The foot pads, with the toes giving the appearance of a flat-footed man, left much more drama recorded in the dirt than just someone out on a barefoot romp.
"The bear is back," I said.
We hadn't seen any signs of him - or her or them - last year, when Mother Nature's cupboard was mostly bare. The mast crop had been a failure and our mountain apple trees were barren.
Maybe he'd foraged elsewhere, traveling great distances, even going over the mountain into the wilderness area. Property lines, even county lines, hold little meaning for a hungry bear.
When we drove a few hundred yards beyond the track, we could see that he had been busy this year. He had muscled his way into tangles of blackberry vines, tramping them flat to fill his belly with their black fruit.
There's something humorous about thoughts of a big, powerful bear handpicking blackberries like a youngster on summer break.
Not so funny was what he'd been doing to our apple orchard. He'd pretty well destroyed the early ripening Lodi tree and done considerable harm to others, some of them just begining to overcome the thrashing he'd inflicted two seasons earlier.
All through the orchard, from tree to tree, were wide, well-formed paths. He obviously was checking the crop daily, going from the Northern Spy to the Golden Delicious, to the Grimes Golden, to the Lodi, to the Winesap, to the Golden Russett, to the Stayman, to the Rambo, to the Jerseymac.
All the apples on the Lodi were gone, and so were most of the limbs, snapped off when he teetered to pick fruit from the outer branches. Only one apple was left on the Jerseymac.
Although he didn't have a Stark Brothers chart of ripening dates, I figured he knew the Rambo would be next to ripen. So we hurriedly picked it, even through the fruit wasn't quite ready.
I must admit to taking considerable satisfaction in outfoxing this brute. Maybe he needed the apples more than I did, and I really don't mind him taking his share. But must he mutilate my trees?
You don't do a lot of heavy reasoning when you are picking apples half expecting something twice your size to come through the undergrowth. But I got to thinking that the bear simply was reclaiming old habitat, if, indeed, his kind ever really gave it up.

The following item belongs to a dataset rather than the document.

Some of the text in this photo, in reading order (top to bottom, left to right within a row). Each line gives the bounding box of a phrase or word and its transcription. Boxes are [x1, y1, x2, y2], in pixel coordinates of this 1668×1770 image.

Our little orchard is on the side of a mountain where my great-great granddad built a cabin in 1838 and raised a family of 10. No one lives there now. All that is left is a heap of foundation stones and a little clearing where we planted our orchard. And the bear.
My great-great grandpa had the reputation of being a fierce bear hunter. When he was in his 80s, troubled by the infirmities of age, his family asked him if he would like to live his life over.

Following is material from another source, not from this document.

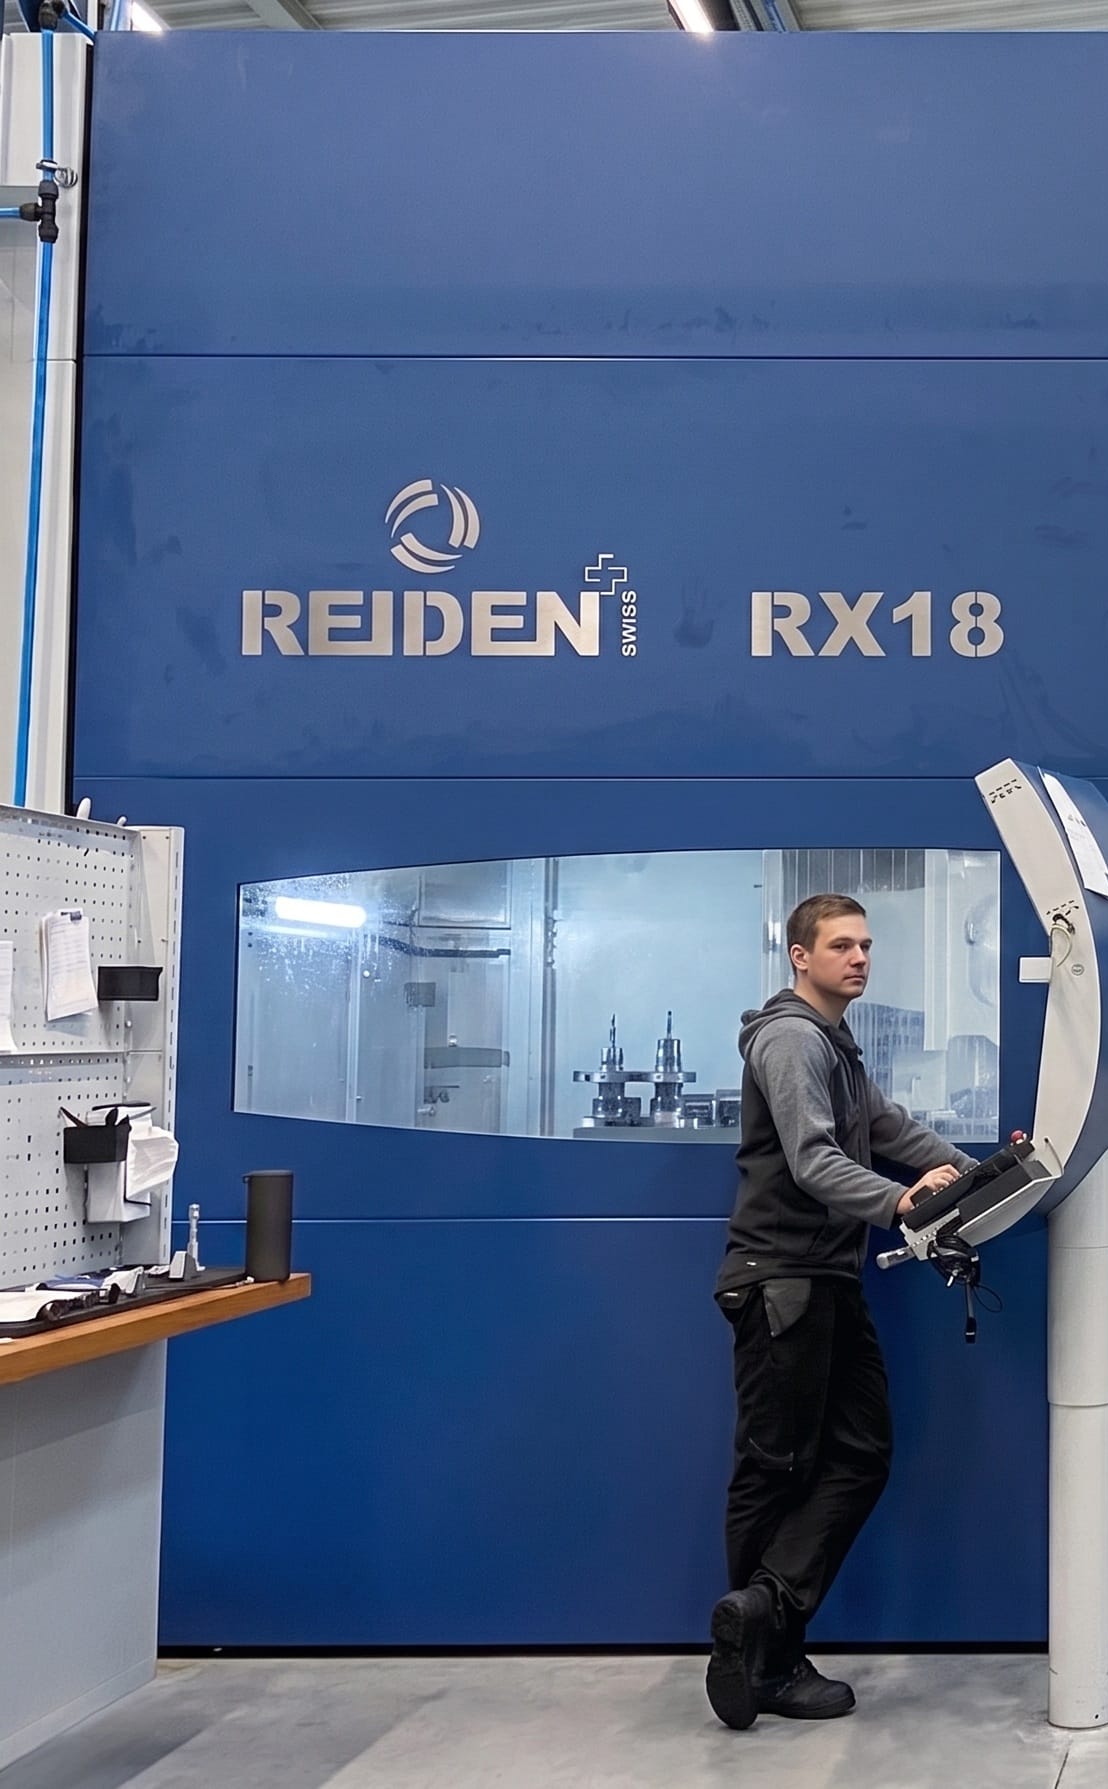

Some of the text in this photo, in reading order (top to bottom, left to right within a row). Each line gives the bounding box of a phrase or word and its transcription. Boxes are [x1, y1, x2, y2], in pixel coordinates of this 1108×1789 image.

[241, 590, 600, 657] REIDEN
[621, 590, 638, 657] SWISS
[751, 591, 1004, 657] RX18

He said he had no desire to do that, but he would like to have one more good bear hunt on Red Lick Mountain.
After he died, a time came when the bears all but disappeared, but we have only to look at our apple trees to determine they've made a comeback.
I feel certain that Grandpa John would be happy over the fact that maybe even animals of the bloodline he pursued have survived to reappear - sleek and graceful and smart. And they are challenging his great-great grandson as they once challenged him.